**Data shown**
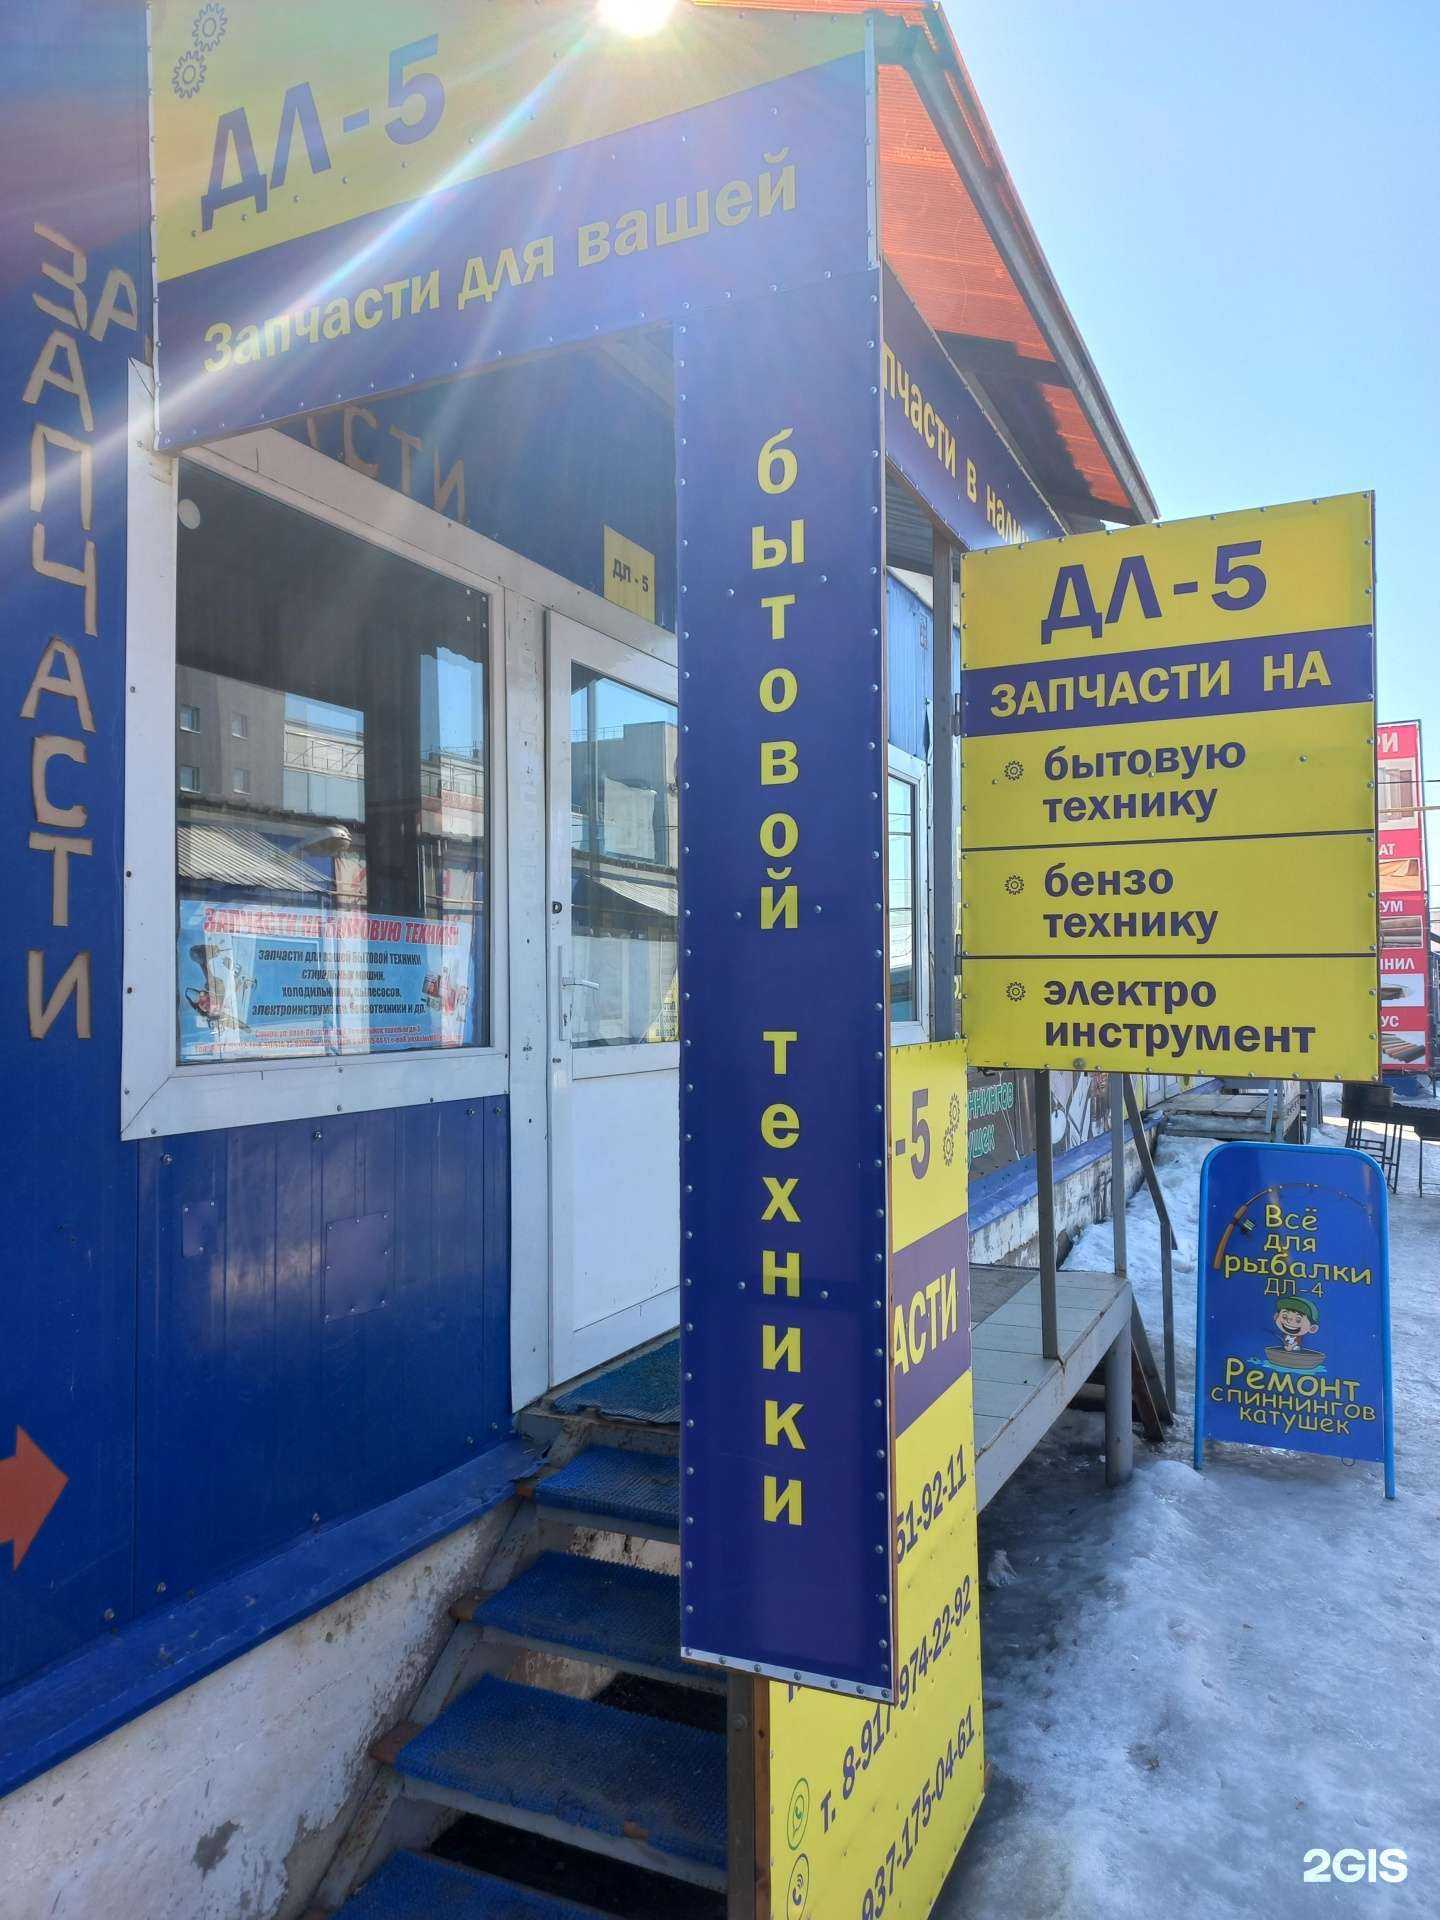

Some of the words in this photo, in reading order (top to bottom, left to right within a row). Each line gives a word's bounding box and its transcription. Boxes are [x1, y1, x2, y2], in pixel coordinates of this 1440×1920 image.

[200, 34, 447, 232] ДЛ-5
[203, 264, 440, 374] Запчасти
[457, 236, 555, 310] для
[577, 148, 797, 267] вашей
[1041, 540, 1267, 645] ДЛ-5
[752, 427, 805, 930] бытовой
[991, 660, 1230, 718] ЗАПЧАСТИ
[1263, 650, 1331, 692] НА
[1044, 741, 1246, 781] бытовую
[1042, 787, 1218, 824] технику
[1044, 862, 1174, 897] бензо
[1043, 908, 1219, 944] технику
[1043, 979, 1217, 1014] электро
[1045, 1021, 1317, 1057] инструмент
[1264, 1204, 1319, 1231] Всё
[1263, 1234, 1316, 1253] для
[760, 1031, 806, 1527] техники
[1224, 1250, 1372, 1285] рыбалки
[1226, 1358, 1360, 1402] Ремонт
[1211, 1386, 1377, 1421] спиннингов
[1240, 1406, 1350, 1435] катушек
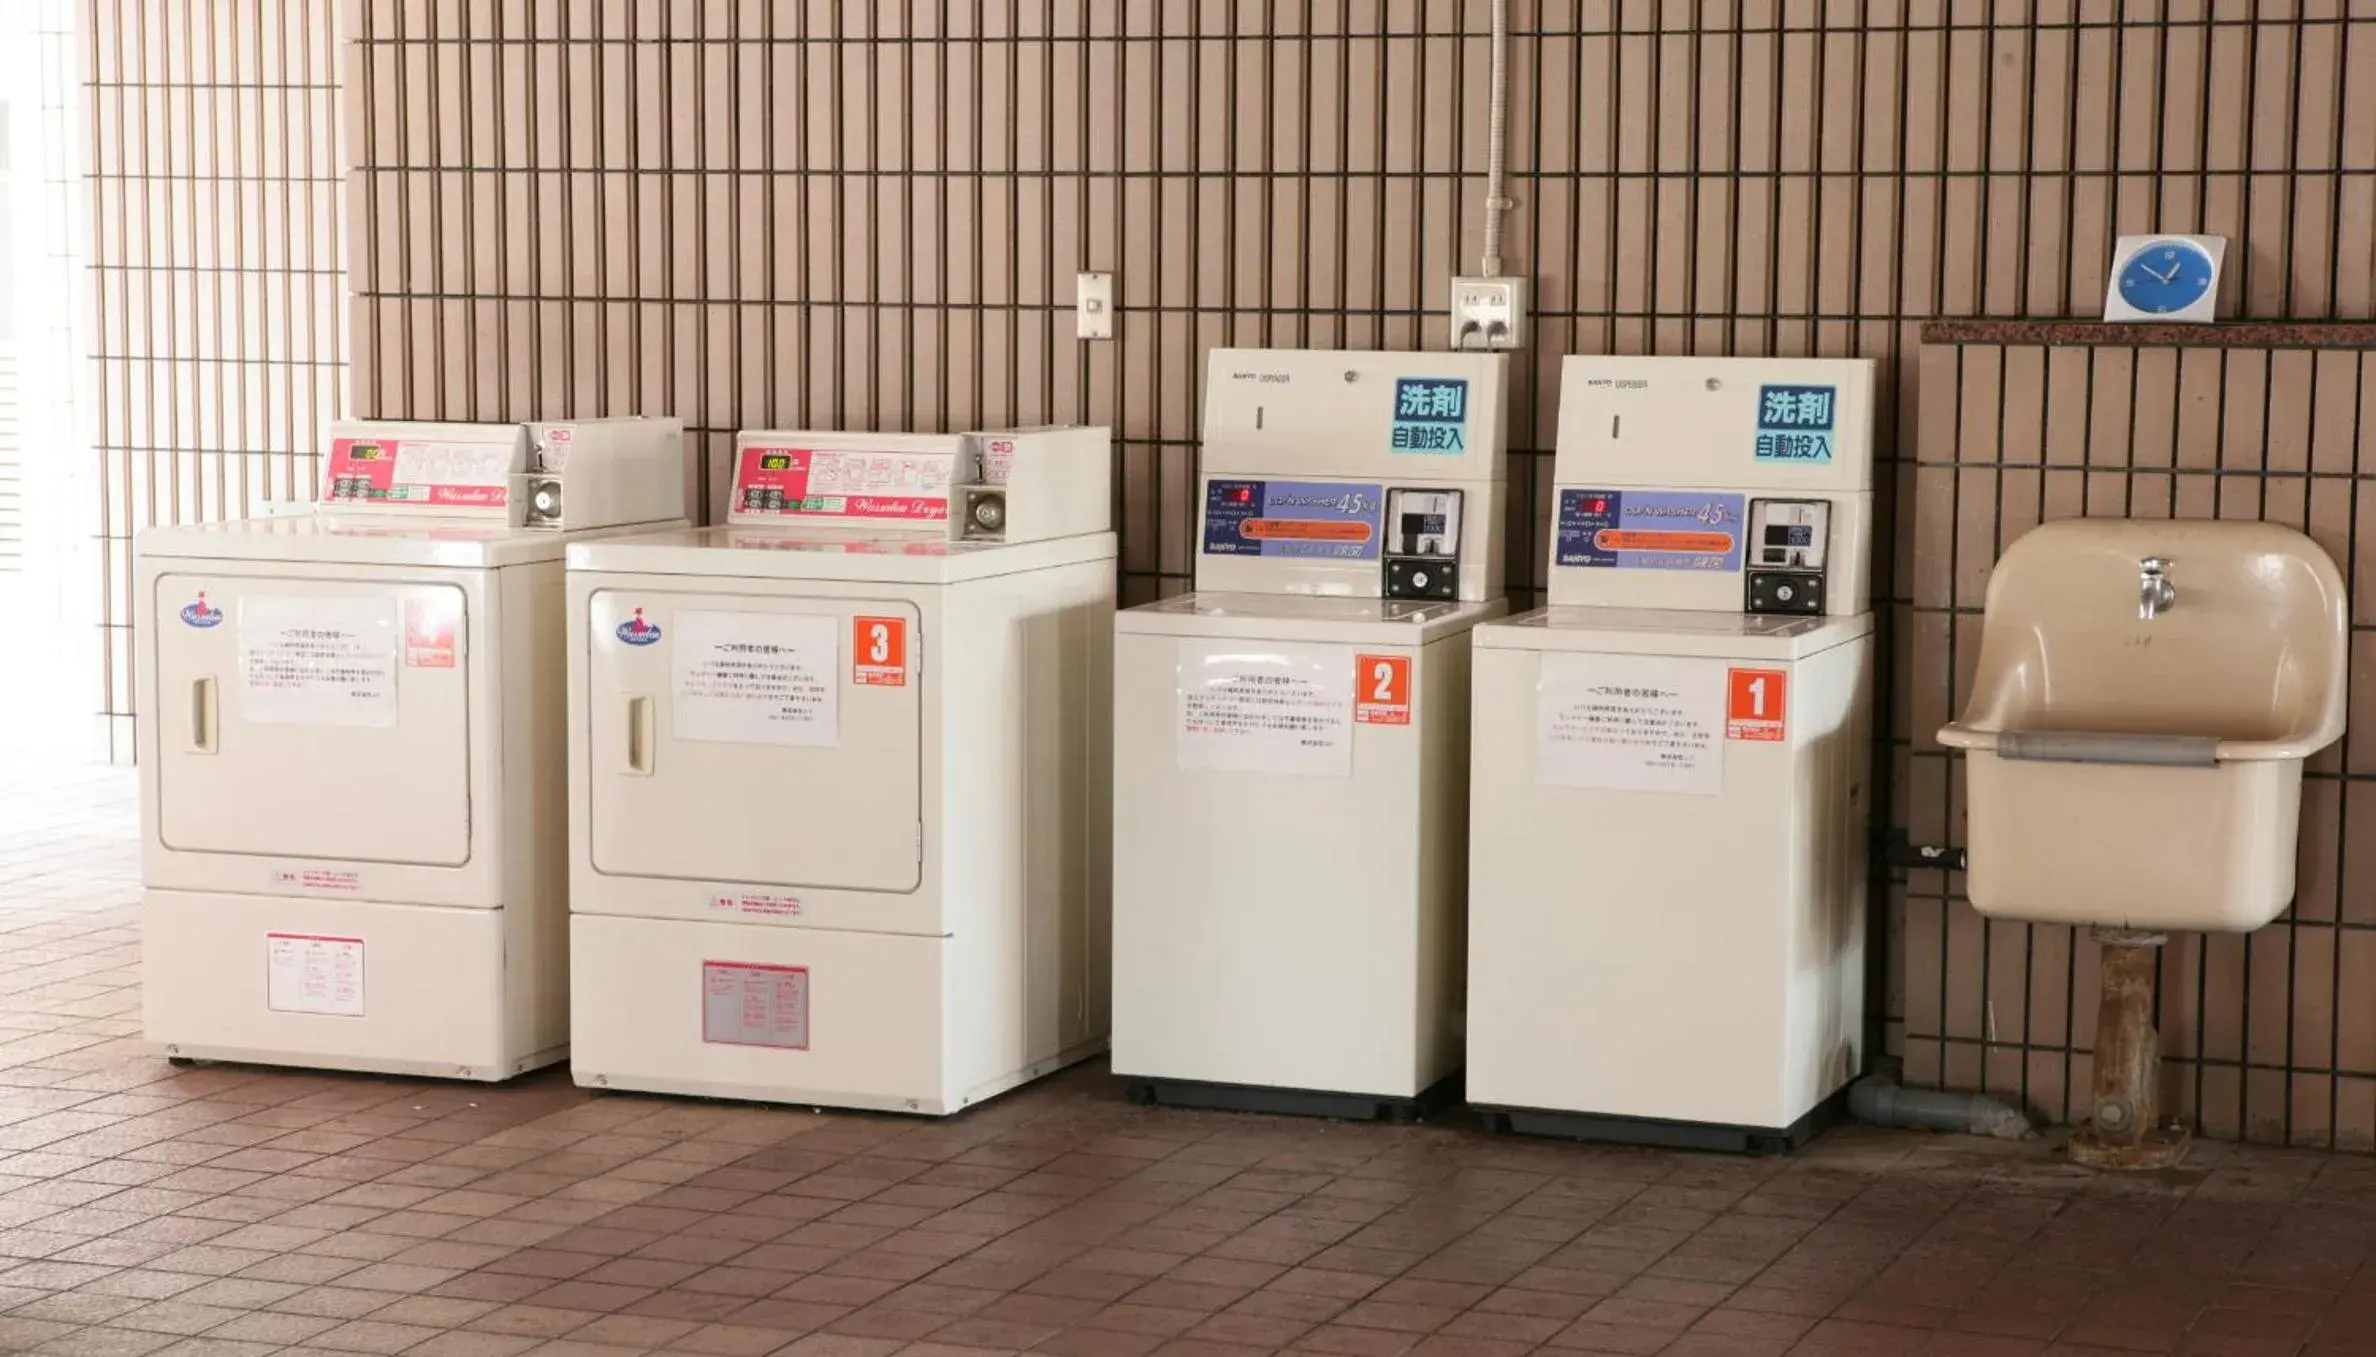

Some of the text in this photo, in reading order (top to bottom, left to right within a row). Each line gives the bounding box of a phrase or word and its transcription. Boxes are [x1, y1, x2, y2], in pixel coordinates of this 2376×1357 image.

[1400, 384, 1463, 417] 洗剤
[1764, 391, 1830, 425] 洗剤
[1392, 426, 1463, 449] 自動投入
[1756, 434, 1831, 458] 自動投入
[1595, 501, 1605, 512] 0
[1562, 554, 1592, 563] SANYO
[871, 624, 889, 662] 3
[1374, 662, 1393, 699] 2
[1748, 677, 1765, 716] 1
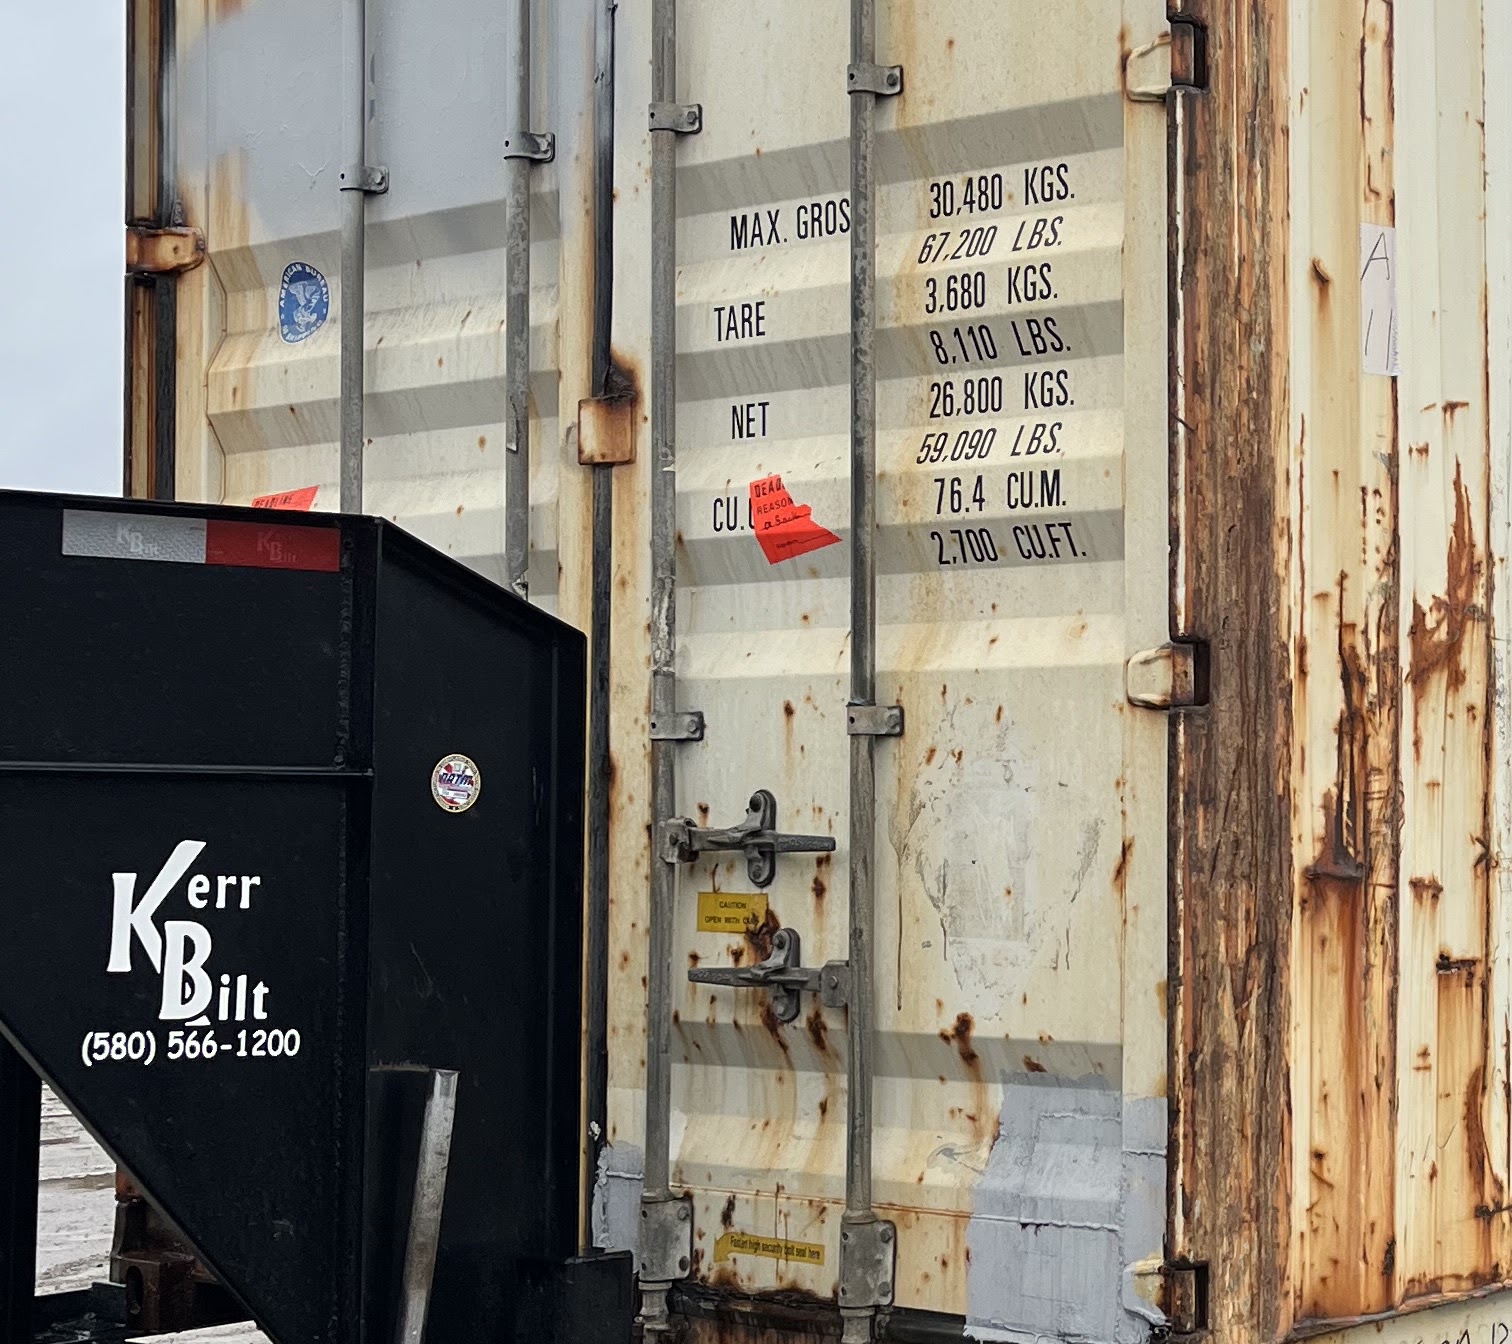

**Problem description**
Drop the pictures and set down the data above exactly.

**Task response**
Some of the words in this photo, in reading order (top to bottom, left to right within a row). Each line gives a word's bounding box and its transcription. Boxes are [x1, y1, x2, y2], in pixel coordinates of this 1440×1920 image.

[200, 34, 447, 232] ДЛ-5
[203, 264, 440, 374] Запчасти
[457, 236, 555, 310] для
[577, 148, 797, 267] вашей
[1041, 540, 1267, 645] ДЛ-5
[752, 427, 805, 930] бытовой
[991, 660, 1230, 718] ЗАПЧАСТИ
[1263, 650, 1331, 692] НА
[1044, 741, 1246, 781] бытовую
[1042, 787, 1218, 824] технику
[1044, 862, 1174, 897] бензо
[1043, 908, 1219, 944] технику
[1043, 979, 1217, 1014] электро
[1045, 1021, 1317, 1057] инструмент
[1264, 1204, 1319, 1231] Всё
[1263, 1234, 1316, 1253] для
[760, 1031, 806, 1527] техники
[1224, 1250, 1372, 1285] рыбалки
[1226, 1358, 1360, 1402] Ремонт
[1211, 1386, 1377, 1421] спиннингов
[1240, 1406, 1350, 1435] катушек

Some of the text in this photo, in reading order (top to bottom, left to right within a row). Each line gives the bounding box of a phrase or word and its transcription. Boxes are [x1, y1, x2, y2], in pixel coordinates of this 2376×1357 image.

[1400, 384, 1463, 417] 洗剤
[1764, 391, 1830, 425] 洗剤
[1392, 426, 1463, 449] 自動投入
[1756, 434, 1831, 458] 自動投入
[1595, 501, 1605, 512] 0
[1562, 554, 1592, 563] SANYO
[871, 624, 889, 662] 3
[1374, 662, 1393, 699] 2
[1748, 677, 1765, 716] 1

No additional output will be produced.